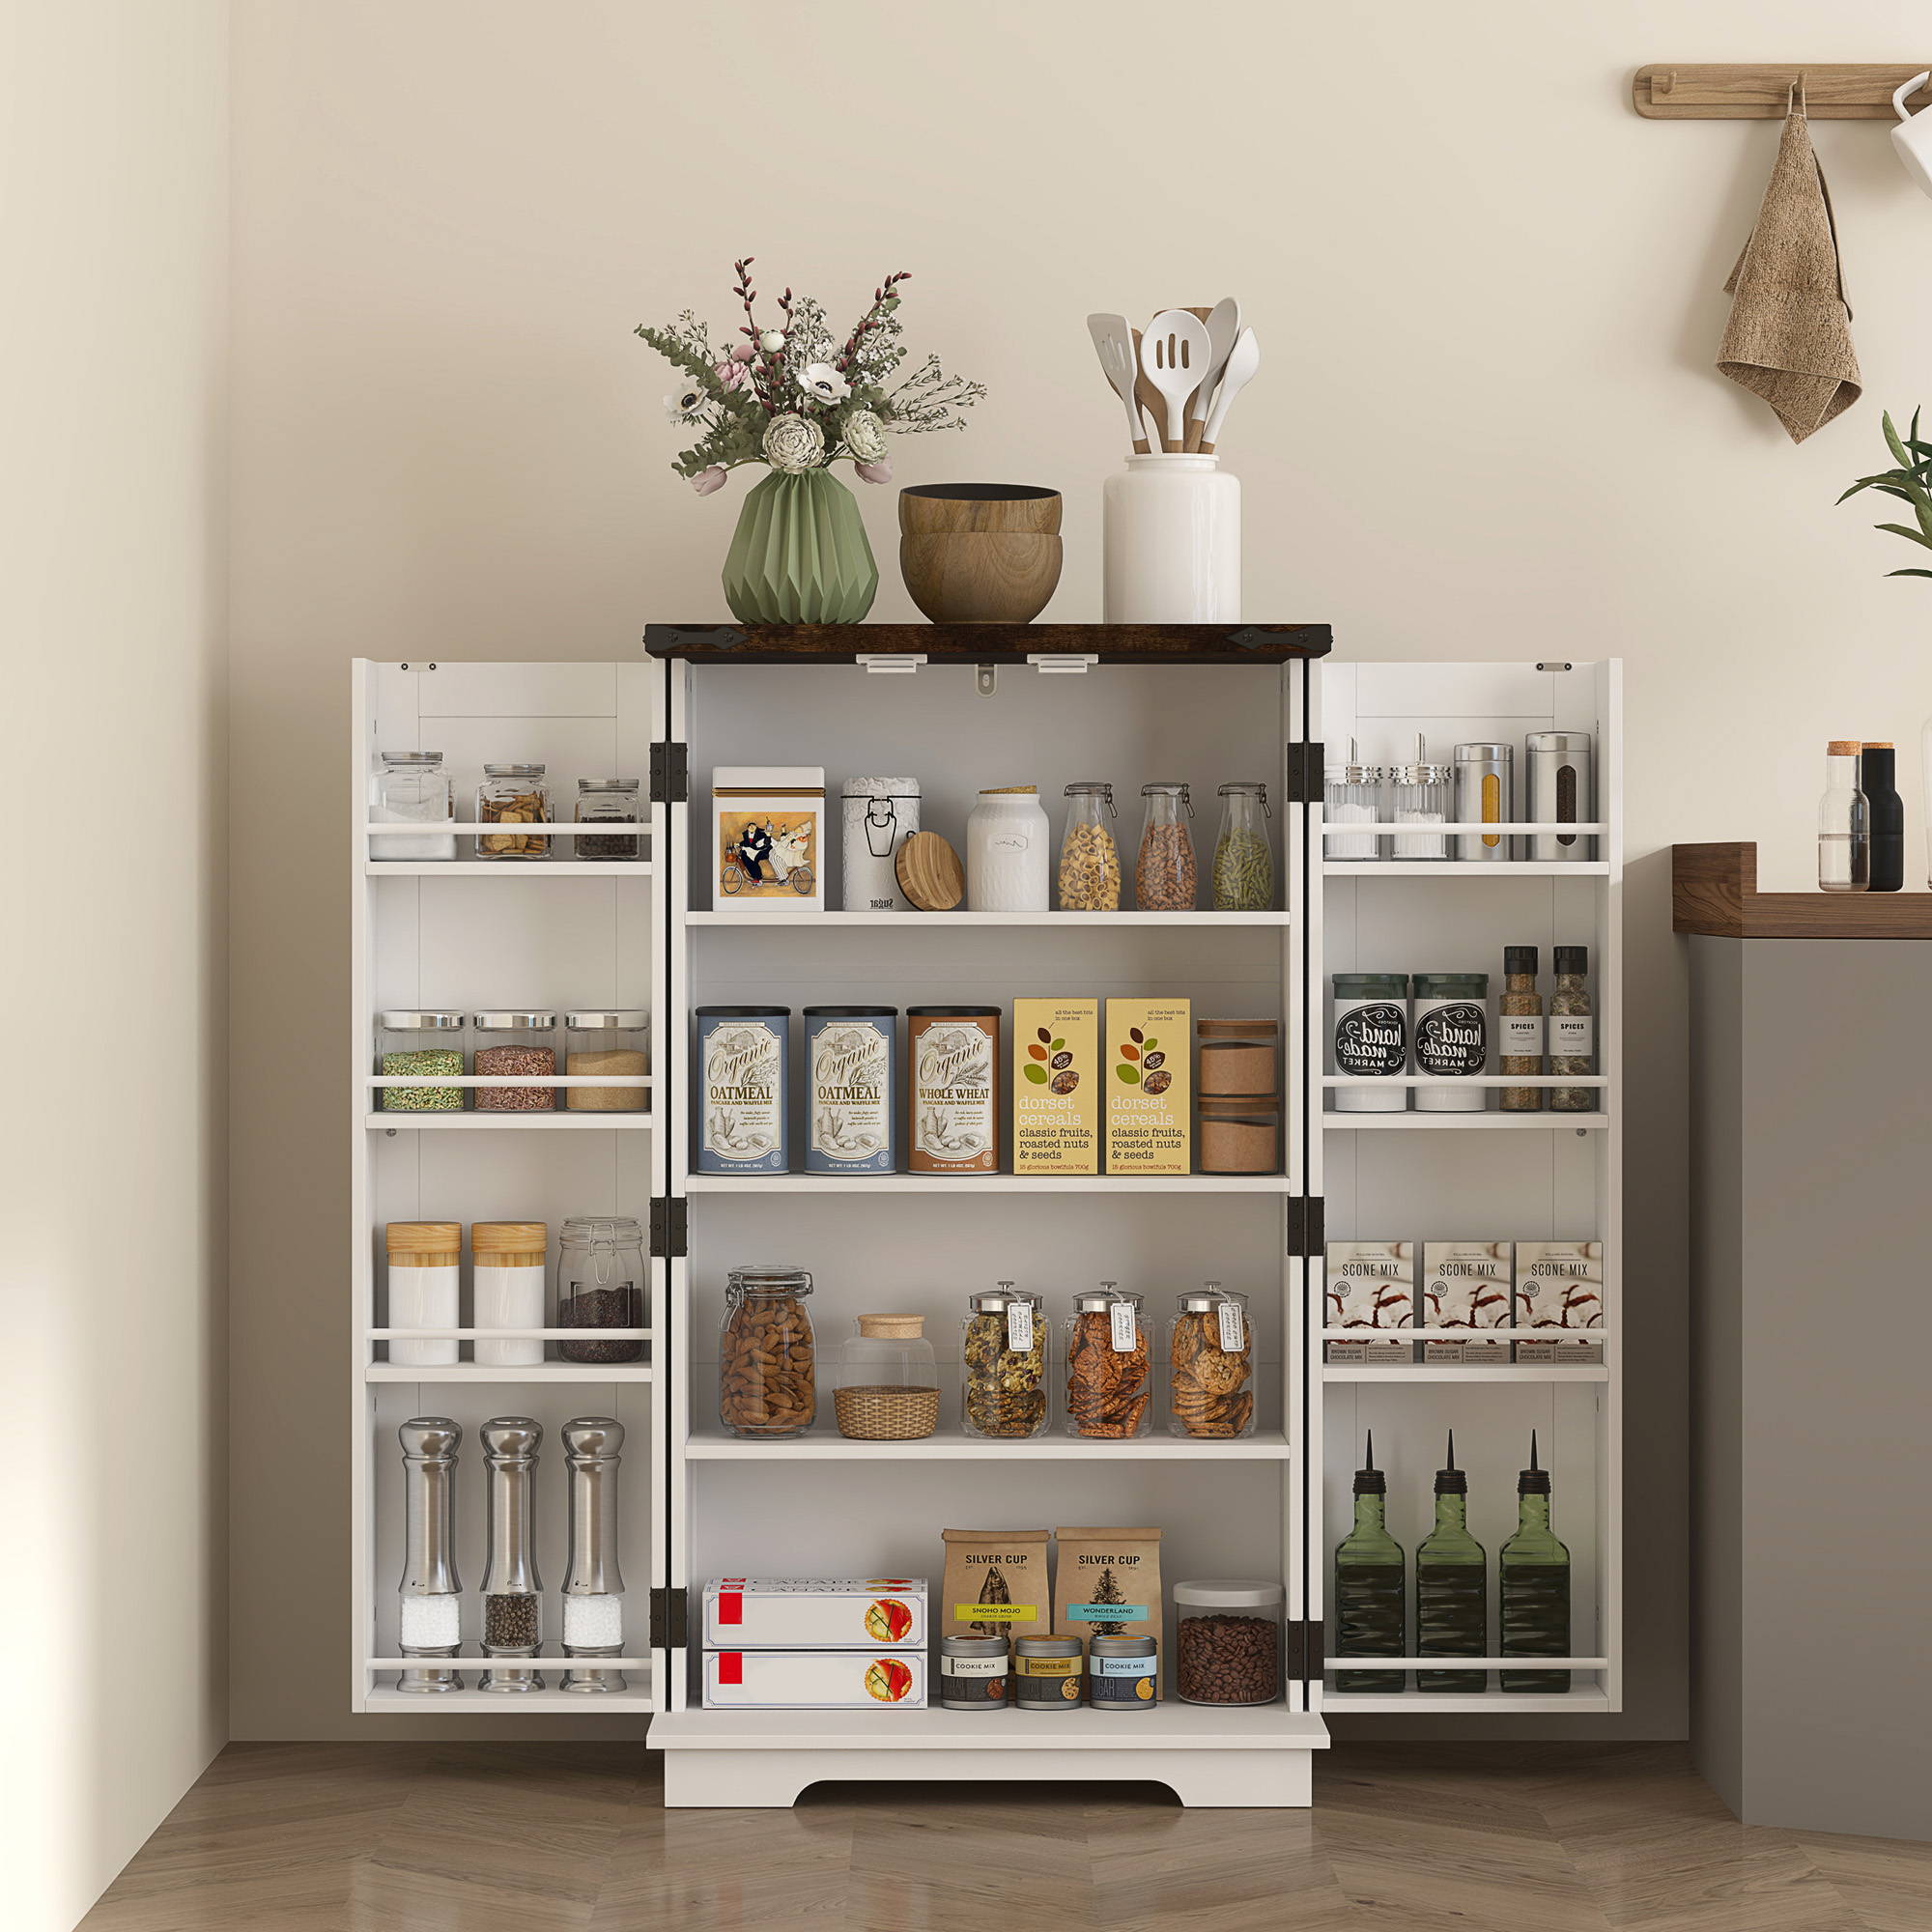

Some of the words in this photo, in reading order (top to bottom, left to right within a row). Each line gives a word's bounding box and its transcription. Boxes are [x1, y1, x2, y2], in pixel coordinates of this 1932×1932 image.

[708, 1038, 772, 1085] Organic
[816, 1038, 879, 1085] Organic
[920, 1038, 983, 1085] Organic
[711, 1086, 773, 1099] OATMEAL
[818, 1086, 880, 1099] OATMEAL
[919, 1089, 953, 1098] WHOLE
[956, 1089, 989, 1098] WHEAT
[1019, 1095, 1074, 1109] dorset
[1112, 1095, 1167, 1109] dorset
[1019, 1112, 1081, 1125] cereals
[1112, 1112, 1174, 1125] cereals
[1019, 1128, 1056, 1137] classic
[1060, 1128, 1093, 1138] fruits,
[1112, 1128, 1149, 1137] classic
[1151, 1128, 1185, 1138] fruits,
[1019, 1139, 1061, 1148] roasted
[1112, 1139, 1153, 1148] roasted
[1019, 1150, 1029, 1159] &
[1032, 1151, 1062, 1159] seeds
[1112, 1150, 1122, 1159] &
[1123, 1151, 1154, 1159] seeds
[1343, 1264, 1376, 1276] SCONE
[1380, 1264, 1399, 1276] MIX
[1439, 1264, 1472, 1276] SCONE
[1478, 1264, 1495, 1276] MIX
[1531, 1264, 1565, 1276] SCONE
[1569, 1264, 1588, 1276] MIX
[966, 1554, 1002, 1564] SILVER
[1006, 1554, 1028, 1564] CUP
[1079, 1555, 1115, 1564] SILVER
[1119, 1555, 1140, 1565] CUP
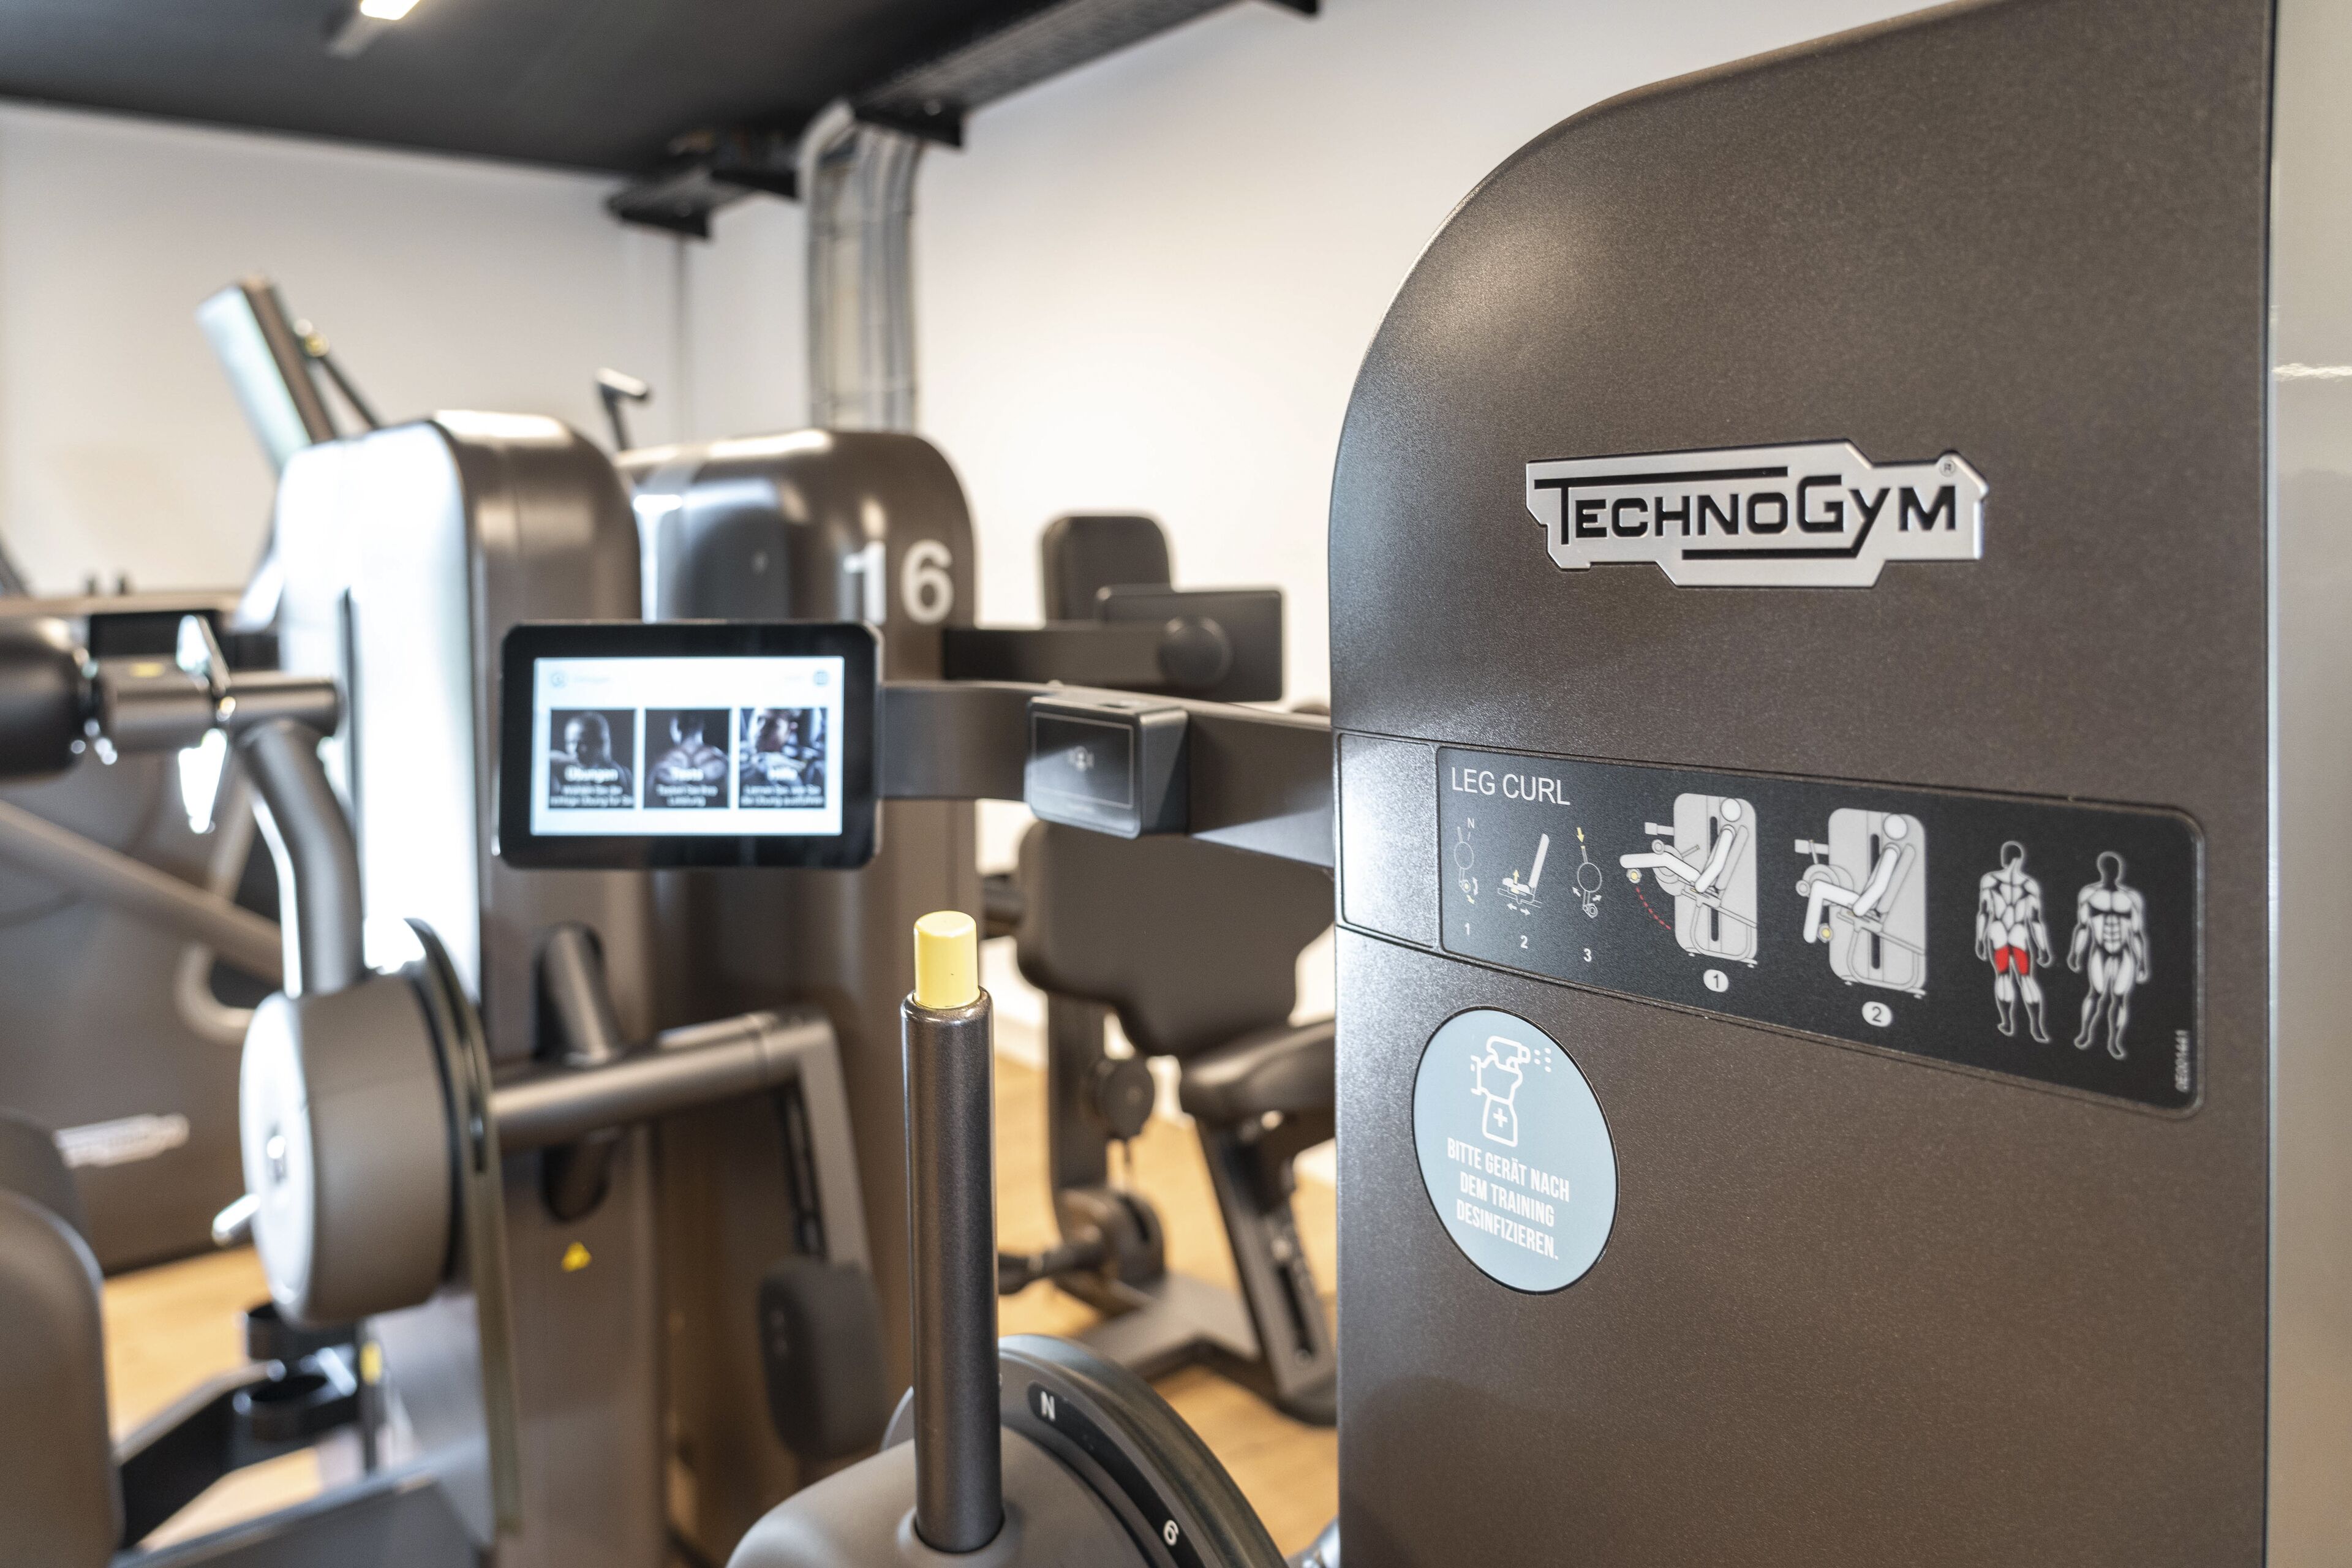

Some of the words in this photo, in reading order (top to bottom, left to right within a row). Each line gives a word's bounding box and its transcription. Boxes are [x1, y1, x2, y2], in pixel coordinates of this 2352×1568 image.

[843, 539, 955, 625] 16
[1452, 767, 1496, 796] LEG
[1502, 774, 1571, 805] CURL
[1468, 817, 1475, 829] N
[1464, 922, 1470, 935] 1
[1520, 935, 1528, 949] 2
[1583, 948, 1592, 962] 3
[1872, 1006, 1882, 1022] 2
[1447, 1137, 1482, 1170] BITTE
[1485, 1151, 1528, 1186] GERÄT
[1531, 1167, 1569, 1203] NACH
[1460, 1170, 1488, 1202] DEM
[1490, 1183, 1555, 1227] TRAINING
[1457, 1198, 1559, 1261] DESINFIZIEREN.
[1041, 1390, 1055, 1421] N
[1164, 1520, 1179, 1546] 6
--*--
AIM OF THE EXERCISE: Only the pictures may be dropped when you copy the data above; everything else stays exact.

OUTPUT FOR THIS TASK:
Some of the words in this photo, in reading order (top to bottom, left to right within a row). Each line gives a word's bounding box and its transcription. Boxes are [x1, y1, x2, y2], in pixel coordinates of this 1932×1932 image.

[708, 1038, 772, 1085] Organic
[816, 1038, 879, 1085] Organic
[920, 1038, 983, 1085] Organic
[711, 1086, 773, 1099] OATMEAL
[818, 1086, 880, 1099] OATMEAL
[919, 1089, 953, 1098] WHOLE
[956, 1089, 989, 1098] WHEAT
[1019, 1095, 1074, 1109] dorset
[1112, 1095, 1167, 1109] dorset
[1019, 1112, 1081, 1125] cereals
[1112, 1112, 1174, 1125] cereals
[1019, 1128, 1056, 1137] classic
[1060, 1128, 1093, 1138] fruits,
[1112, 1128, 1149, 1137] classic
[1151, 1128, 1185, 1138] fruits,
[1019, 1139, 1061, 1148] roasted
[1112, 1139, 1153, 1148] roasted
[1019, 1150, 1029, 1159] &
[1032, 1151, 1062, 1159] seeds
[1112, 1150, 1122, 1159] &
[1123, 1151, 1154, 1159] seeds
[1343, 1264, 1376, 1276] SCONE
[1380, 1264, 1399, 1276] MIX
[1439, 1264, 1472, 1276] SCONE
[1478, 1264, 1495, 1276] MIX
[1531, 1264, 1565, 1276] SCONE
[1569, 1264, 1588, 1276] MIX
[966, 1554, 1002, 1564] SILVER
[1006, 1554, 1028, 1564] CUP
[1079, 1555, 1115, 1564] SILVER
[1119, 1555, 1140, 1565] CUP

Some of the words in this photo, in reading order (top to bottom, left to right within a row). Each line gives a word's bounding box and its transcription. Boxes are [x1, y1, x2, y2], in pixel coordinates of this 2352×1568 image.

[843, 539, 955, 625] 16
[1452, 767, 1496, 796] LEG
[1502, 774, 1571, 805] CURL
[1468, 817, 1475, 829] N
[1464, 922, 1470, 935] 1
[1520, 935, 1528, 949] 2
[1583, 948, 1592, 962] 3
[1872, 1006, 1882, 1022] 2
[1447, 1137, 1482, 1170] BITTE
[1485, 1151, 1528, 1186] GERÄT
[1531, 1167, 1569, 1203] NACH
[1460, 1170, 1488, 1202] DEM
[1490, 1183, 1555, 1227] TRAINING
[1457, 1198, 1559, 1261] DESINFIZIEREN.
[1041, 1390, 1055, 1421] N
[1164, 1520, 1179, 1546] 6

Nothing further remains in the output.